I am at a point where I can't sleep because I am thinking about it and trying to figure out what to do; and it's gotten so bad that I am bringing in combinatorial mathematics to permutate through my drive configuration (currently anywhere between 2-8 million permutations).
A couple of questions:
1) How is it possible that the first drive that the installation picked up was c0t7d0? (outside of depending on how the ports are scanned on the Adaptec 21610SA 16 port SATA HBA). b) Is that scan pattern always the same?
2) Is there a way to find out the order that the drives were scanned in during installation?
3) Is there a way to search for a text string inside a file recursively through a directory structure (i.e. akin to Windows search containing text)?

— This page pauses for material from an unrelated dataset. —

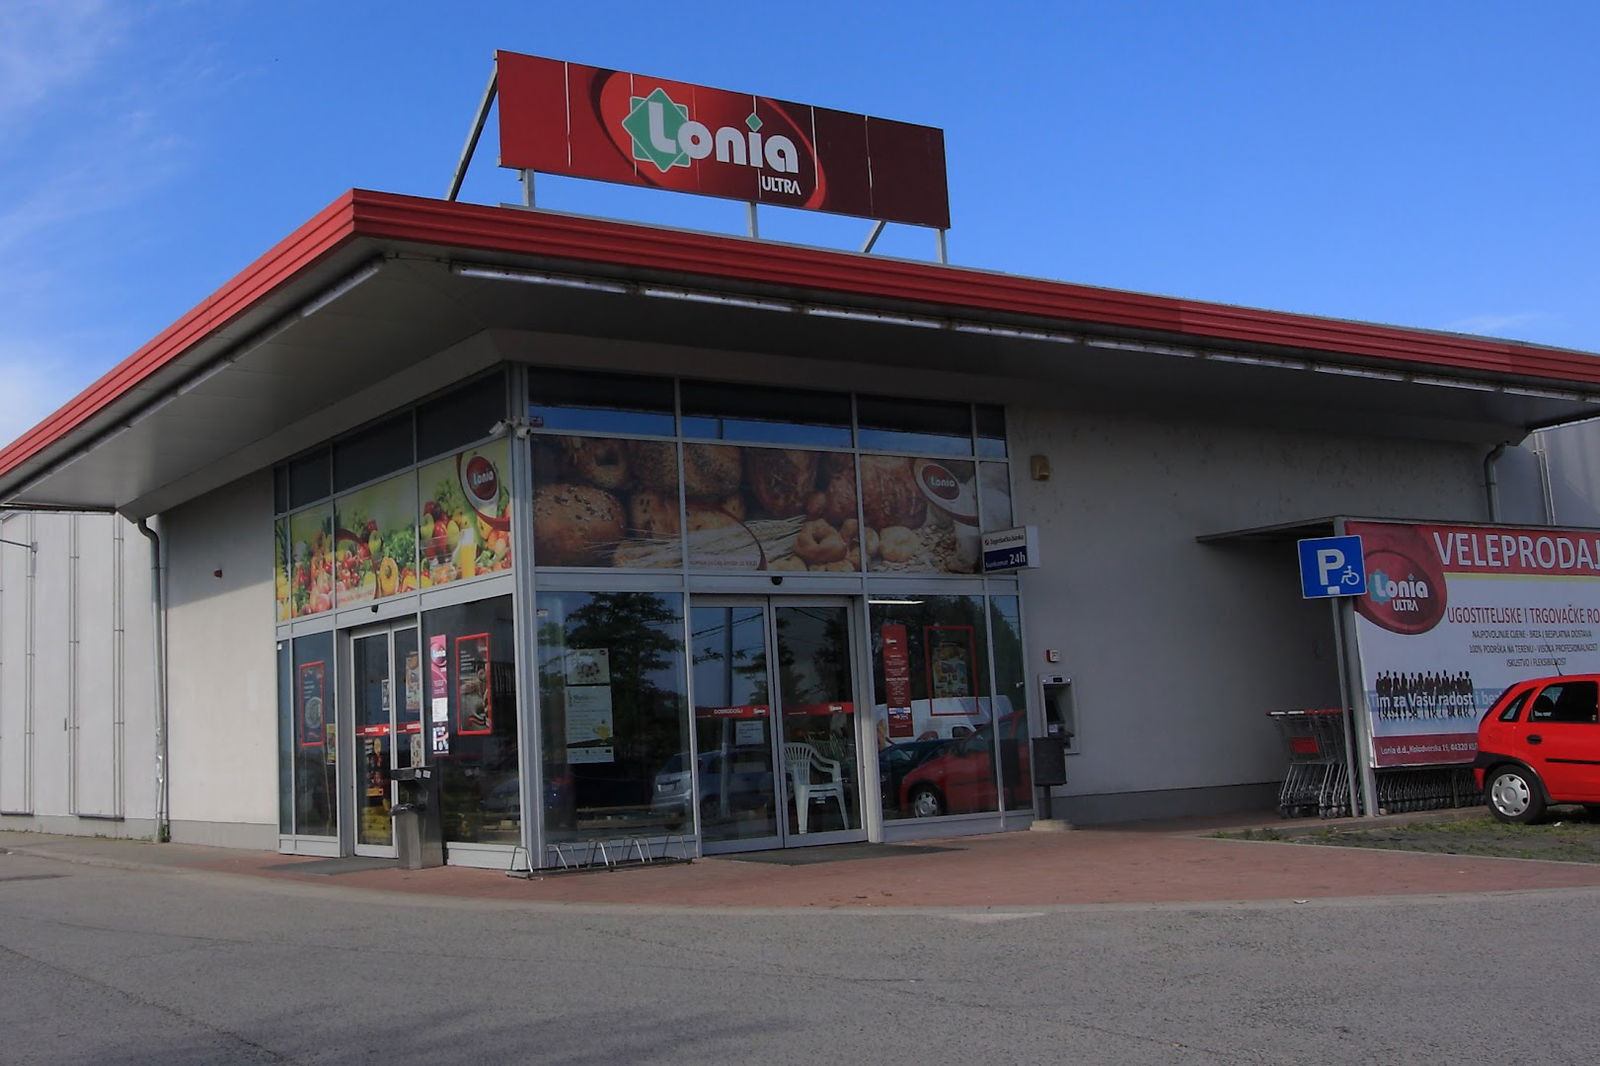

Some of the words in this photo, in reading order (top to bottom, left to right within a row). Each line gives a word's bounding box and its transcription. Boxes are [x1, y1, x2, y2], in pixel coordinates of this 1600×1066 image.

I am thinking/hoping that there would be some way for me to NOT have to permutate through the 2-8 M permutations because it's Solaris; and I think that there's got to be some way that the most advanced OS in the world can prevent me from having to something like that (save my stupidity, and about 140 GB of data built over 5 months that I do not have backups for).
Please help!?
[1425 byte] By [
Ewen.Chan] at [2007-11-26 10:38:42]

# 1
Is there a way to search for a text string inside a file recursively through a directory structure (i.e. akin to Windows search containing text)?
Is this all you need?
If so you could write a rather simple perl script to do it. Or I am sure there are utilities on line you could download.
Truthfully I have never once 'needed' to do such a task. Heck, it may be built in but as I said I have never even looked for one.
# 3
3) Is there a way to search for a text string inside a file recursively through a directory structure (i.e. akin to Windows search containing text)?

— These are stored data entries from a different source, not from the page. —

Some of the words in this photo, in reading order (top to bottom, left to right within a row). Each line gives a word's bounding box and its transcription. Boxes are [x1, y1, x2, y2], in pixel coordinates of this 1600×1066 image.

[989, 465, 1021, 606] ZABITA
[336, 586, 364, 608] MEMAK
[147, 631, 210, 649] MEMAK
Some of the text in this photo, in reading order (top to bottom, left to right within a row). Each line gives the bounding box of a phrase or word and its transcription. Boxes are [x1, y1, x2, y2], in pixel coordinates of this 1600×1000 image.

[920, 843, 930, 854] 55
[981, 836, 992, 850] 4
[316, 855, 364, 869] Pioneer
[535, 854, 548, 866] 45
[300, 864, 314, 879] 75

The below shell script if run from the directory where you want to search a string can help you in searching for a test string inside the directory recursively. You will have to pass the search string as a argument to the shell script. Though I don't know whether it is a optimal solution. If this is not which you require please ignore it.
thanks & regards
rathi
a=`find ./`
result=""
searchString=$1
for i in $a
do
grep -i $searchString $i
if [ $? -eq 0 ]
then
result="$result$i"
fi
done
echo $result
rathi at 2007-7-7 2:50:02 >

# 4
> I am thinking/hoping that there would be some way for
> me to NOT have to permutate through the 2-8 M
> permutations because it's Solaris; and I think that
> there's got to be some way that the most advanced OS
> in the world can prevent me from having to something
> like that (save my stupidity, and about 140 GB of
> data built over 5 months that I do not have backups
> for).
I can't think of any reason that permuting would help you. ZFS does *not* care about attachment order. The problem you have must be something other than that. No one has suggested that you change the order of the drives. Just that you check that the act of plugging and unplugging hasn't wiggled a wire loose or something.

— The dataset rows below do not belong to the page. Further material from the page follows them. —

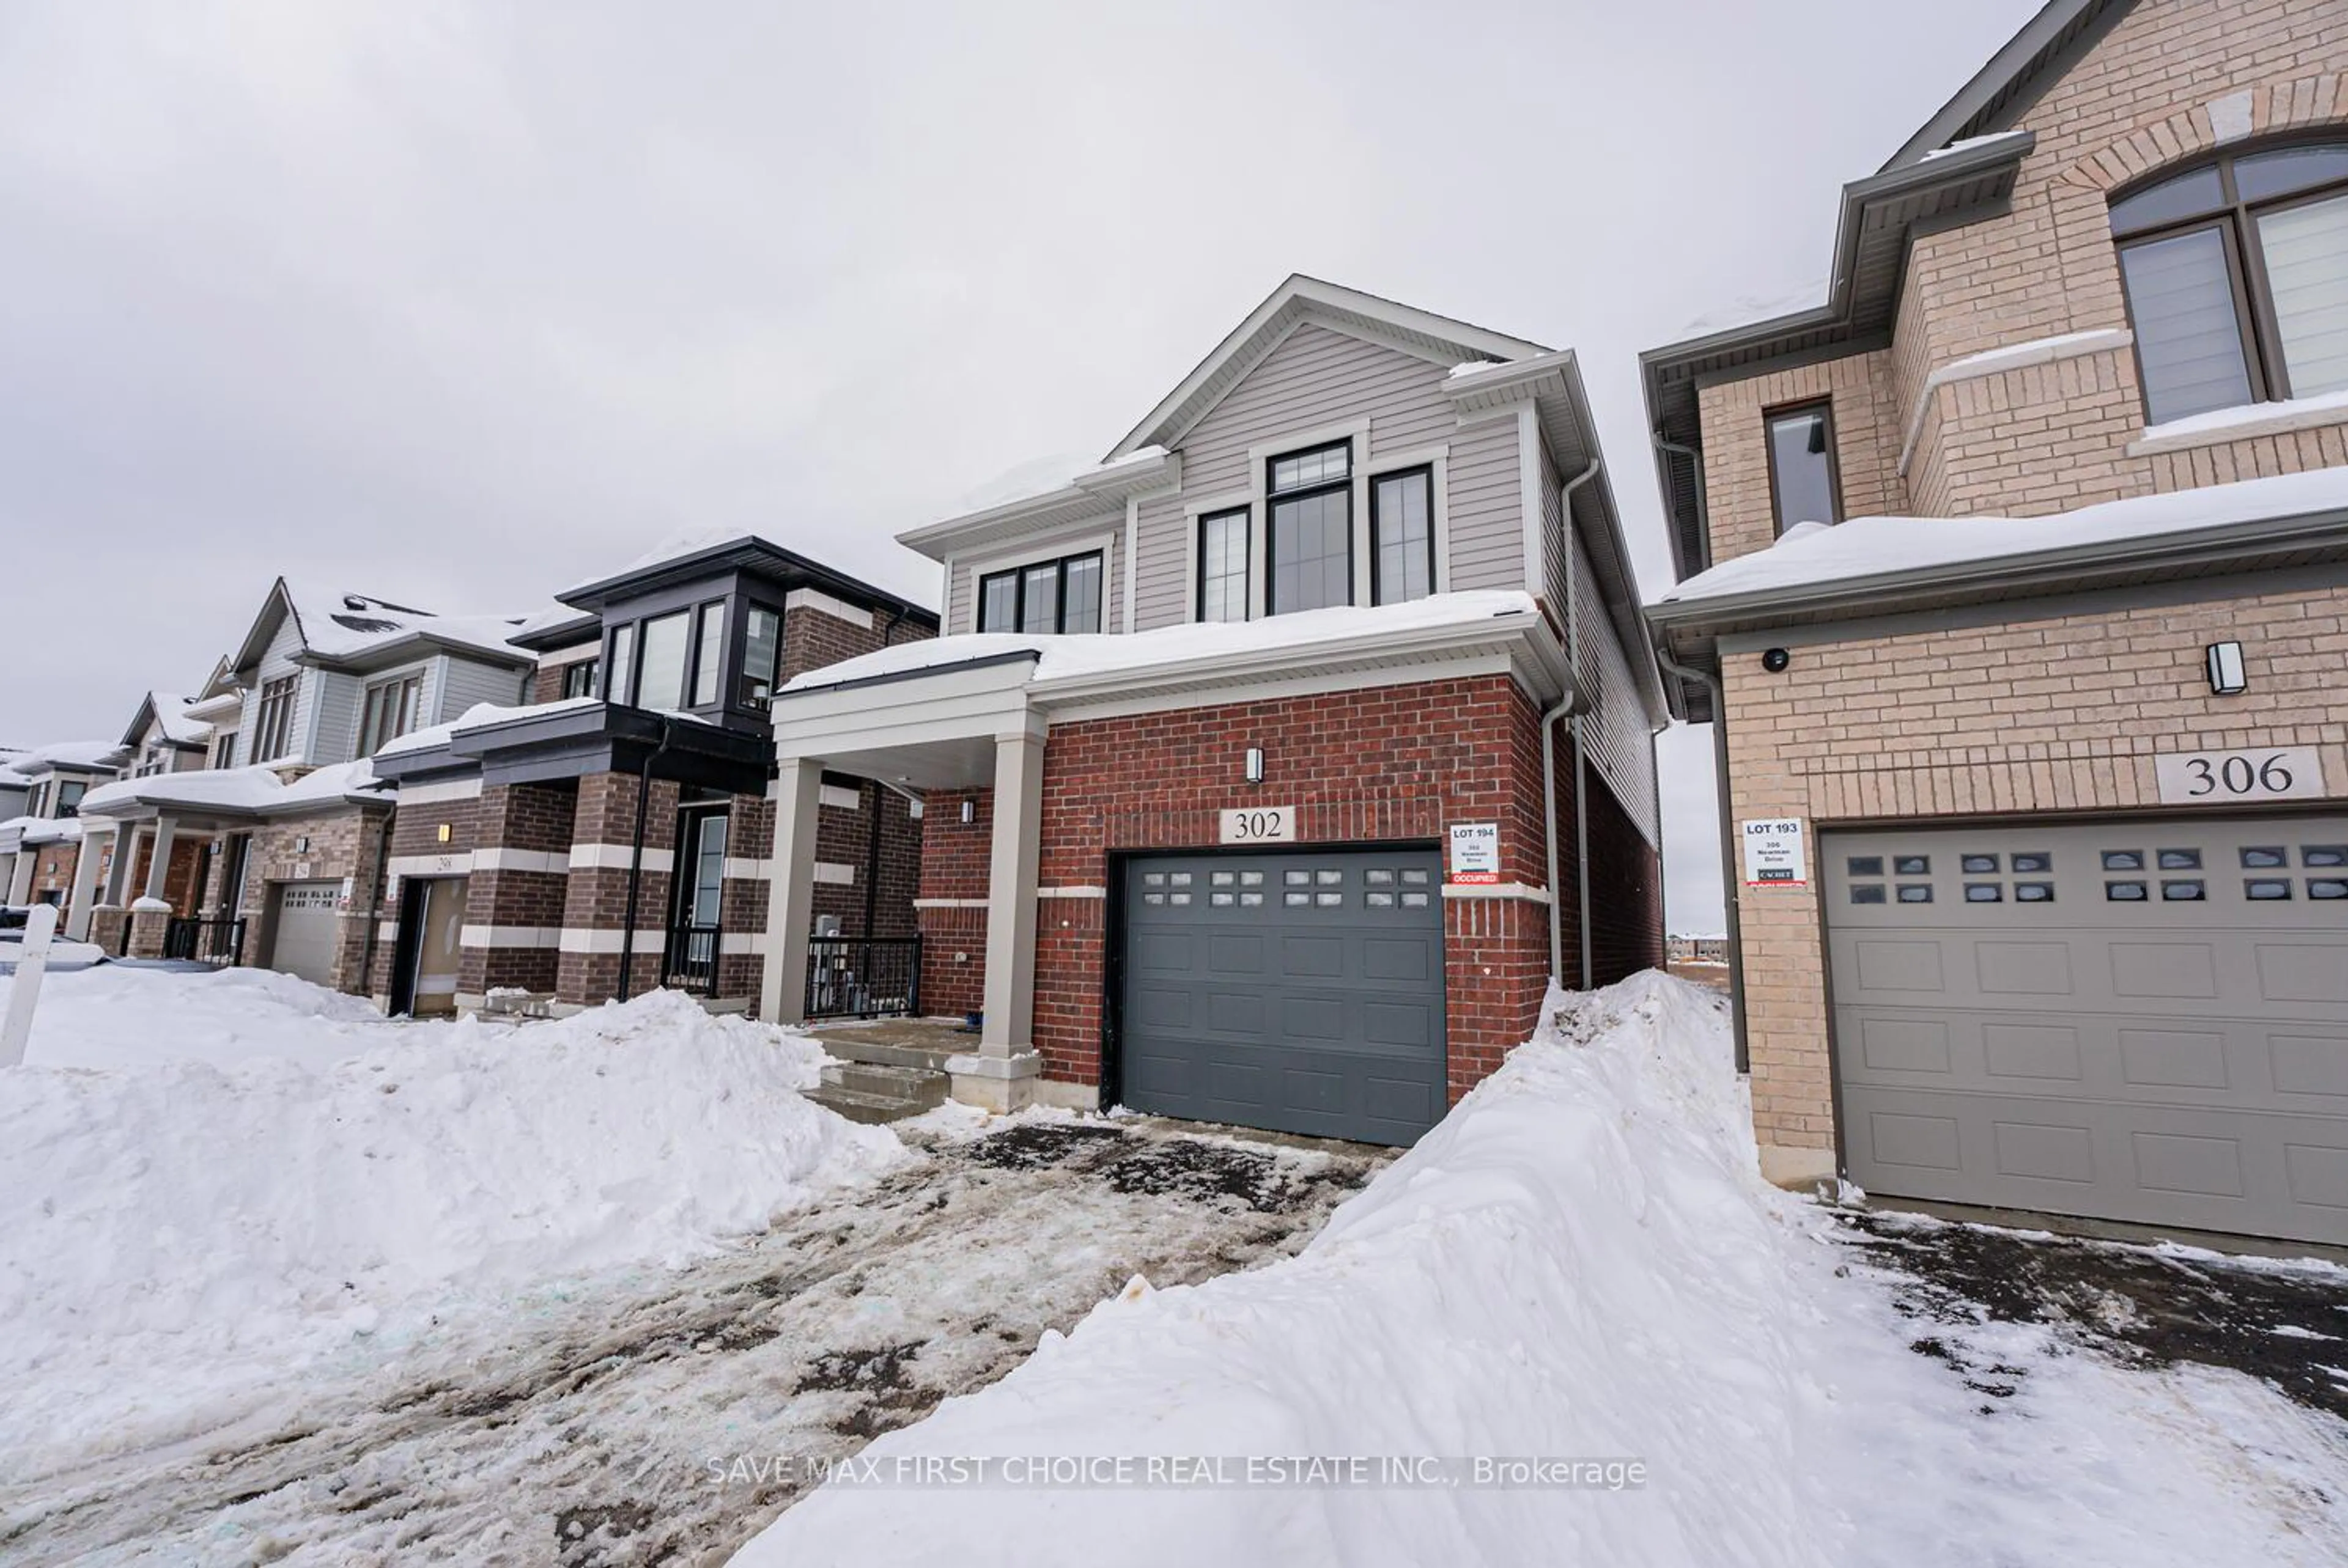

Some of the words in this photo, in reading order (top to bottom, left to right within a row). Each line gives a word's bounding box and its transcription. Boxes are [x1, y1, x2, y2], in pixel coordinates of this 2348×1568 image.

[2186, 753, 2293, 795] 306
[1235, 812, 1281, 838] 302
[1453, 829, 1473, 838] LOT
[1747, 823, 1771, 834] LOT
[1776, 823, 1798, 833] 193

If the hardware is in working condition, then it's possible that this is the result of a bug somewhere. I doubt that even if you could guarantee that the disks were in the exact same order that it would help. Unfortunately, working around it is likely going to require some of the engineers or others that are much more familiar with the ZFS code. My best suggestion is to continue to ask on the ZFS list to see if someone can look through your core files.
It is possible to search the raw disk devices for text strings, but the blocks containing them may not be near other blocks in the file. In fact, in a raidz configuration you're guaranteed that they're not near each other because they're striped across all the disks. However, you could recover snippets of text files this way.